[Originale] Infinite possibilità

Oct 22, 2009 22:18

Titolo: Infinite possibilità
Fandom: Originale
Rating: Per tutti
Conteggio Parole: 2112 (secondo Word)
Riassunto: Perché di tante cosa proprio un imbuto?
Note: scritta per la Criticombola di Criticoni. Appositamente per liberarmi del prompt 5 della mia schedina XD



Infinite possibilità

Tommaso entra in casa e sbatte la porta piuttosto violentemente; mentre si trascina sbuffando verso la cucina, sente sua nonna chiamarlo con tono interrogativo. Un attimo dopo lei è sulla porta e lo guarda mentre si pulisce le mani sul grembiule - quello che usa sempre anche per cucinare un semplice uovo al tegamino.

“C’è qualcosa che non va, Tommy?” L’aria interdetta sul suo viso non rende i lineamenti meno dolci, ma in quel momento Tommaso non se ne cura - sua nonna ha sempre avuto quella faccia, del resto.
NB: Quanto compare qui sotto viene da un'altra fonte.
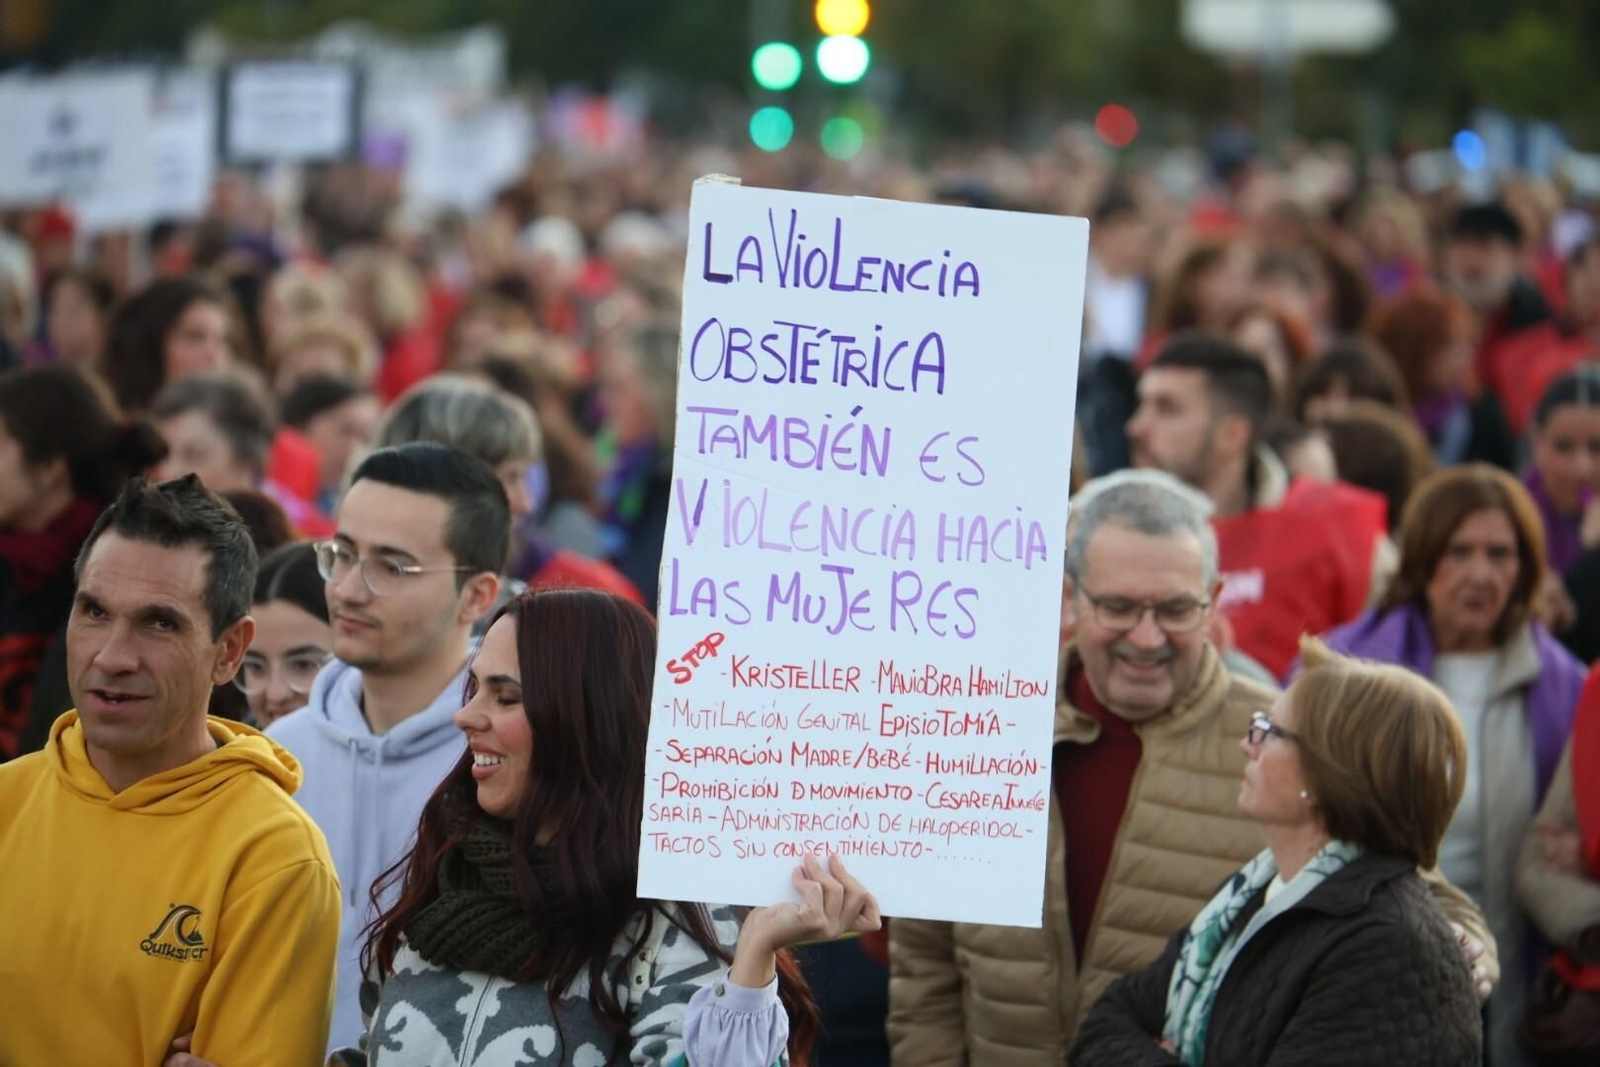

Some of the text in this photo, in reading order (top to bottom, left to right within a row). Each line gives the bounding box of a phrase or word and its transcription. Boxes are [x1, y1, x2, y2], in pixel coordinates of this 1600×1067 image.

[703, 207, 980, 297] LA VIOLENCIA
[690, 317, 945, 395] OBSTÉTRICA
[686, 405, 985, 486] TAMBIÉN ES
[676, 478, 1047, 570] VIOLENCIA HACIA
[670, 557, 979, 639] LAS MUJERES
[666, 632, 725, 684] STOP
[968, 664, 1048, 698] HAMILTON
[797, 703, 872, 732] GENITAL
[811, 782, 912, 800] MOVIMIENTO
[721, 804, 870, 832] ADMINISTRACIÓN
[879, 813, 901, 833] DE
[648, 832, 721, 858] TACTOS
[733, 838, 765, 859] SIN
“Sì!” Replica, buttando a terra il suo zaino e sedendosi pesantemente a tavola - ovviamente già apparecchiata per tre. “La scuola fa schifo!” Brontola mentre accigliato poggia i gomiti sul tavolo e mette il mento sui pugni chiusi.
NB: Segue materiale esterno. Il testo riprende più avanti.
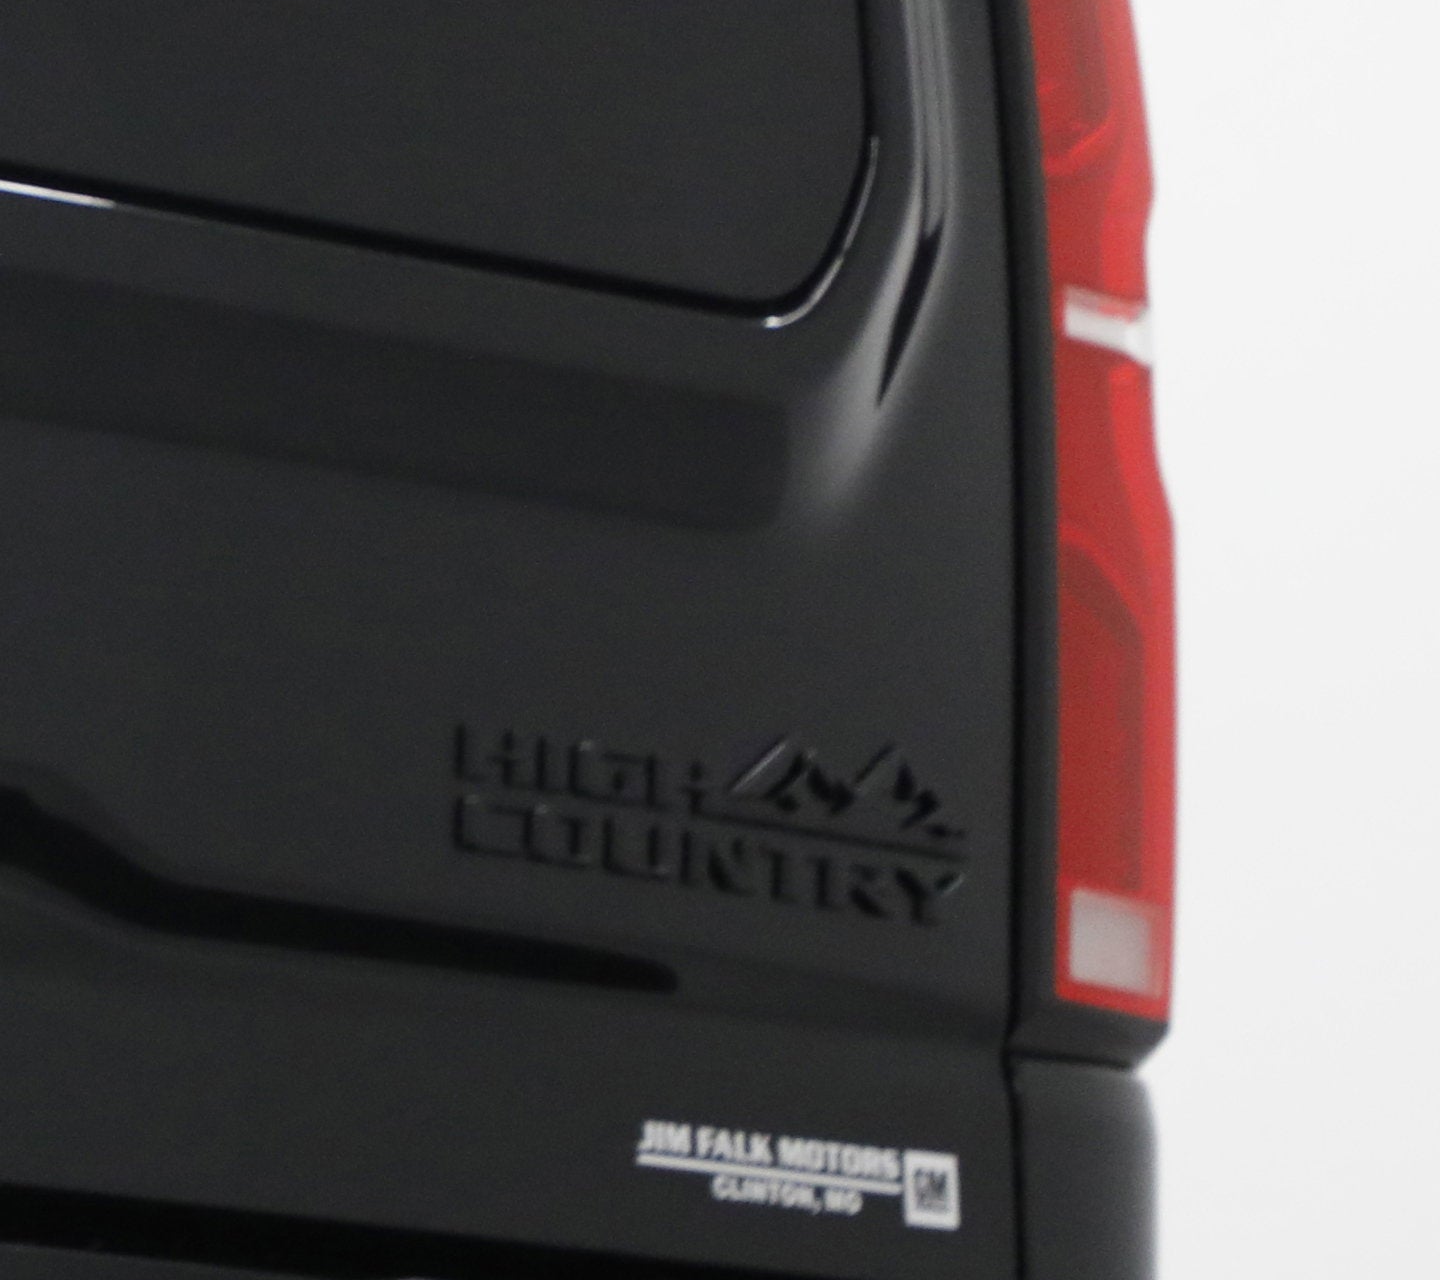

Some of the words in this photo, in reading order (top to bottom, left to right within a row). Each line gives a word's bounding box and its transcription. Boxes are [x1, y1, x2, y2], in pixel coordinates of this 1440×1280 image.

[455, 723, 707, 817] HIGH
[455, 794, 964, 924] COUNTRY
[637, 1120, 692, 1154] JIM
[696, 1125, 772, 1164] FALK
[777, 1136, 901, 1179] MOTORS
[711, 1176, 823, 1216] CLINTON,
[824, 1190, 863, 1216] MO
La nonna gli fa un sorriso comprensivo, poi torna ai fornelli: la sua teoria è sempre stata che i bambini fanno i capricci quando hanno fame e dunque scola la pasta e la condisce con la salsa al basilico che ha preparato. “Ecco, mangia.” Gli dice, mettendogli il piatto pieno e fumante sotto il naso; quando il nipote solleva lo sguardo perplesso, lei gli sorride ancora. “Tua madre arriva subito.”

La porta d’ingresso sbatte di nuovo e Tommaso pensa che sua nonna sia una specie di strega - quando aveva cinque anni lo pensava davvero. Sua madre sbuca dal corridoio trafelata come sempre, con le mani piedi di carte e la cartella misteriosamente pesante; la nonna la saluta, sistemandole il piatto al suo posto, e lei dà un bacio sulla fronte di Tommaso - che si scosta bruscamente, perché a undici anni quasi dodici uno le coccole non le vuole più.

Quando sono tutti seduti, la nonna lancia un’occhiata alla nuora e poi dice: “Tommy ha un problema a scuola.”

“Davvero?” Domanda la donna più giovane, inforchettando i rigatoni. “Cos’è successo?”

Il ragazzino muove pigramente la forchetta nel piatto, prendendo tempo; poi sbuffa e brontola la sua risposta. “La professoressa d’italiano vuole che scriviamo un racconto su degli oggetti d’uso quotidiano.”

“Oh, mi sembra un bell’esercizio!” Esclama la mamma, bevendo un sorso d’acqua.

“E a te piace tanto scrivere.” Sorride la nonna, posando la forchetta al suo posto.

“Come funziona? Puoi scegliere l’oggetto o te l’ha assegnato lei?”

“Funziona a sorte.” Brontola Tommaso, masticando un rigatone. “Ed è bello se ti escono oggetti belli, come ‘fotografia’, ‘carillon’ e ‘cristallo’… Ma se ti viene fuori ‘imbuto’ è una rogna e basta!”

La mamma si pulisce la bocca con un tovagliolo di carta e la nonna apre il forno per tirare fuori il polpettone; la più giovane capisce che tocca a lei dire qualcosa d’incoraggiante. “Imbuto, eh? Beh, si possono scrivere un sacco di cose sulla parola imbuto…”

Tommaso la guarda nervoso e piuttosto scettico, ma l’odore del polpettone lo distrae per un momento.

“Potresti scrivere di quando travasiamo il vino.” Gli suggerisce la nonna, mettendogli nel piatto un’abbondante porzione di pasticcio.

“No, è noioso.” Sbuffa il ragazzino.

“Allora puoi scrivere… Uhm…” Tommaso sa che sua madre non ha mai avuto grande creatività, a meno che non si tratti di arredamento d’interni; quindi non si aspetta suggerimenti da lei. “Beh, sono sicura che qualcosa ti verrà in mente. Tu sei un creativo!”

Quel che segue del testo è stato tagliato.